What you have to do: Make an exact copy of the entries below, with all images left out.

Given entries:
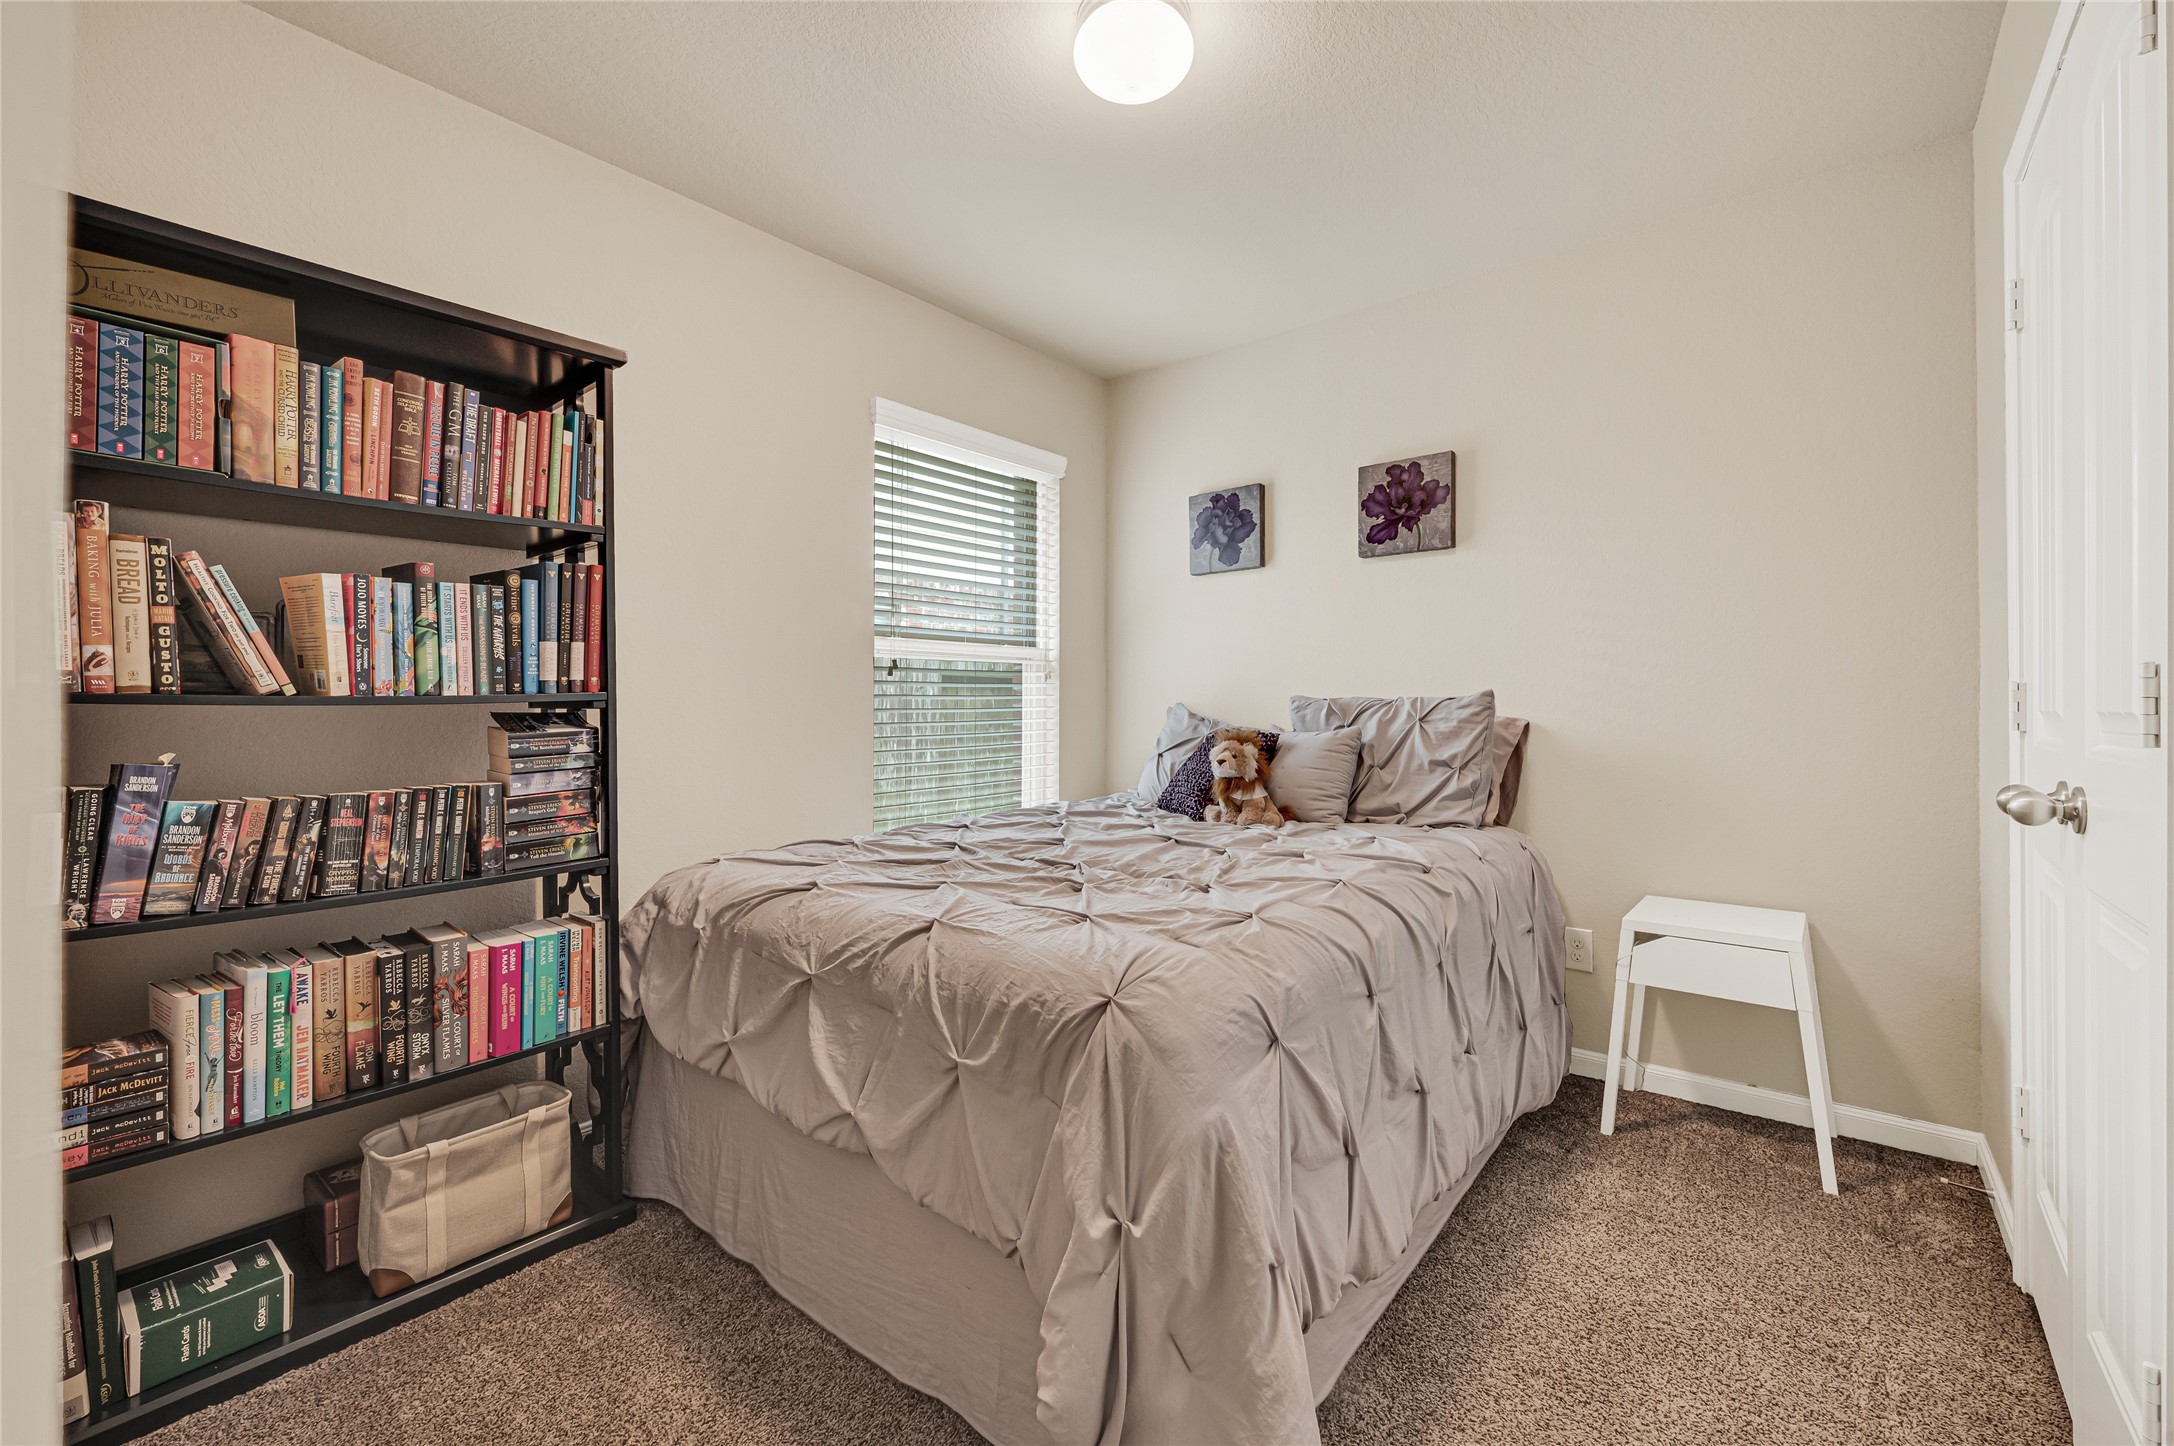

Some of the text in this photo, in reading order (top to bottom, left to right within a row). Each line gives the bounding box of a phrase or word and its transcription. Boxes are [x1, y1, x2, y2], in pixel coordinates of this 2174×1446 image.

[73, 345, 84, 418] HARRY POTTER
[119, 357, 129, 427] HARRY POTTER
[285, 370, 297, 404] HARRY
[160, 365, 169, 434] HARRY POTTER
[195, 374, 203, 441] HARRY POTTER
[277, 388, 285, 437] CURSED CHILD
[452, 391, 461, 407] THE
[285, 404, 297, 441] POTTER
[431, 422, 443, 437] DIE
[465, 402, 478, 444] THE DRAFT
[369, 434, 377, 465] LINCHPIN
[431, 438, 443, 448] IN
[429, 449, 443, 477] PEACE
[491, 412, 503, 504] MONEYBALL MICHAEL LEWIS
[445, 462, 453, 494] CALLAHAN
[86, 535, 103, 637] BAKING with JULIA
[116, 558, 142, 605] BREAD
[150, 544, 174, 685] MOLTO GUSTO
[357, 577, 367, 630] JOJO MOYES
[444, 593, 452, 616] STARTS
[460, 597, 468, 614] ENDS
[444, 617, 453, 634] WITH
[461, 615, 469, 632] WITH
[461, 633, 469, 641] US
[493, 614, 505, 660] THE NATURALS
[445, 635, 454, 644] US
[479, 625, 487, 661] ASSASSIN'S
[124, 783, 159, 793] SANDERSON
[129, 776, 157, 784] BRANDON
[87, 793, 98, 841] GOING CLEAR
[129, 803, 145, 813] THE
[340, 808, 353, 818] NEAL
[418, 801, 426, 814] PETER
[456, 798, 464, 810] PETER
[127, 825, 139, 834] OF
[168, 825, 201, 835] BRANDON
[220, 818, 236, 848] Mistborn
[253, 811, 266, 838] AMONG
[115, 835, 149, 847] KINGS
[162, 834, 203, 845] SANDERSON
[163, 853, 193, 865] WORDS
[172, 865, 181, 873] OF
[413, 843, 422, 869] TEMPORAL
[71, 864, 80, 893] WRIGHT
[79, 858, 90, 899] LAWRENCE
[154, 872, 195, 884] RADIANCE
[262, 866, 274, 889] OF GOD
[268, 860, 284, 895] THE FORGE
[328, 869, 357, 877] CRYPTO-
[431, 866, 439, 880] VOID
[203, 873, 216, 905] SANDERSON
[210, 876, 221, 902] BRANDON
[411, 958, 419, 988] YARROS
[441, 950, 449, 973] MAAS
[509, 948, 517, 972] SARAH
[320, 971, 328, 1003] YARROS
[331, 967, 339, 1003] REBECCA
[365, 960, 373, 997] REBECCA
[395, 959, 403, 994] REBECCA
[558, 961, 566, 988] WELSH
[571, 955, 580, 1003] Trainspotting
[211, 999, 221, 1023] MESS
[272, 994, 285, 1015] LET
[557, 998, 565, 1022] FILTH
[250, 1012, 264, 1046] bloom
[272, 1015, 285, 1049] THEM
[296, 972, 310, 1101] AWAKE JEN HATMAKER
[441, 998, 451, 1060] SILVER FLAMES
[453, 1021, 462, 1049] COURT
[185, 1009, 195, 1080] FIERCE FIRE
[355, 1040, 366, 1071] FLAME
[365, 1042, 374, 1063] IRON
[386, 1041, 396, 1063] WING
[395, 1034, 405, 1066] FOURTH
[412, 1032, 421, 1061] STORM
[421, 1032, 430, 1056] ONYX
[322, 1052, 332, 1075] WING
[331, 1045, 341, 1078] FOURTH
[98, 1085, 118, 1098] JACK
[151, 1298, 164, 1312] Flash
[257, 1307, 267, 1327] ASOA
[62, 1302, 76, 1359] Accounting Handbook
[180, 1325, 190, 1362] Flash Cards

Solution for this task:
Some of the text in this photo, in reading order (top to bottom, left to right within a row). Each line gives the bounding box of a phrase or word and its transcription. Boxes are [x1, y1, x2, y2], in pixel coordinates of this 2174×1446 image.

[73, 345, 84, 418] HARRY POTTER
[119, 357, 129, 427] HARRY POTTER
[285, 370, 297, 404] HARRY
[160, 365, 169, 434] HARRY POTTER
[195, 374, 203, 441] HARRY POTTER
[277, 388, 285, 437] CURSED CHILD
[452, 391, 461, 407] THE
[285, 404, 297, 441] POTTER
[431, 422, 443, 437] DIE
[465, 402, 478, 444] THE DRAFT
[369, 434, 377, 465] LINCHPIN
[431, 438, 443, 448] IN
[429, 449, 443, 477] PEACE
[491, 412, 503, 504] MONEYBALL MICHAEL LEWIS
[445, 462, 453, 494] CALLAHAN
[86, 535, 103, 637] BAKING with JULIA
[116, 558, 142, 605] BREAD
[150, 544, 174, 685] MOLTO GUSTO
[357, 577, 367, 630] JOJO MOYES
[444, 593, 452, 616] STARTS
[460, 597, 468, 614] ENDS
[444, 617, 453, 634] WITH
[461, 615, 469, 632] WITH
[461, 633, 469, 641] US
[493, 614, 505, 660] THE NATURALS
[445, 635, 454, 644] US
[479, 625, 487, 661] ASSASSIN'S
[124, 783, 159, 793] SANDERSON
[129, 776, 157, 784] BRANDON
[87, 793, 98, 841] GOING CLEAR
[129, 803, 145, 813] THE
[340, 808, 353, 818] NEAL
[418, 801, 426, 814] PETER
[456, 798, 464, 810] PETER
[127, 825, 139, 834] OF
[168, 825, 201, 835] BRANDON
[220, 818, 236, 848] Mistborn
[253, 811, 266, 838] AMONG
[115, 835, 149, 847] KINGS
[162, 834, 203, 845] SANDERSON
[163, 853, 193, 865] WORDS
[172, 865, 181, 873] OF
[413, 843, 422, 869] TEMPORAL
[71, 864, 80, 893] WRIGHT
[79, 858, 90, 899] LAWRENCE
[154, 872, 195, 884] RADIANCE
[262, 866, 274, 889] OF GOD
[268, 860, 284, 895] THE FORGE
[328, 869, 357, 877] CRYPTO-
[431, 866, 439, 880] VOID
[203, 873, 216, 905] SANDERSON
[210, 876, 221, 902] BRANDON
[411, 958, 419, 988] YARROS
[441, 950, 449, 973] MAAS
[509, 948, 517, 972] SARAH
[320, 971, 328, 1003] YARROS
[331, 967, 339, 1003] REBECCA
[365, 960, 373, 997] REBECCA
[395, 959, 403, 994] REBECCA
[558, 961, 566, 988] WELSH
[571, 955, 580, 1003] Trainspotting
[211, 999, 221, 1023] MESS
[272, 994, 285, 1015] LET
[557, 998, 565, 1022] FILTH
[250, 1012, 264, 1046] bloom
[272, 1015, 285, 1049] THEM
[296, 972, 310, 1101] AWAKE JEN HATMAKER
[441, 998, 451, 1060] SILVER FLAMES
[453, 1021, 462, 1049] COURT
[185, 1009, 195, 1080] FIERCE FIRE
[355, 1040, 366, 1071] FLAME
[365, 1042, 374, 1063] IRON
[386, 1041, 396, 1063] WING
[395, 1034, 405, 1066] FOURTH
[412, 1032, 421, 1061] STORM
[421, 1032, 430, 1056] ONYX
[322, 1052, 332, 1075] WING
[331, 1045, 341, 1078] FOURTH
[98, 1085, 118, 1098] JACK
[151, 1298, 164, 1312] Flash
[257, 1307, 267, 1327] ASOA
[62, 1302, 76, 1359] Accounting Handbook
[180, 1325, 190, 1362] Flash Cards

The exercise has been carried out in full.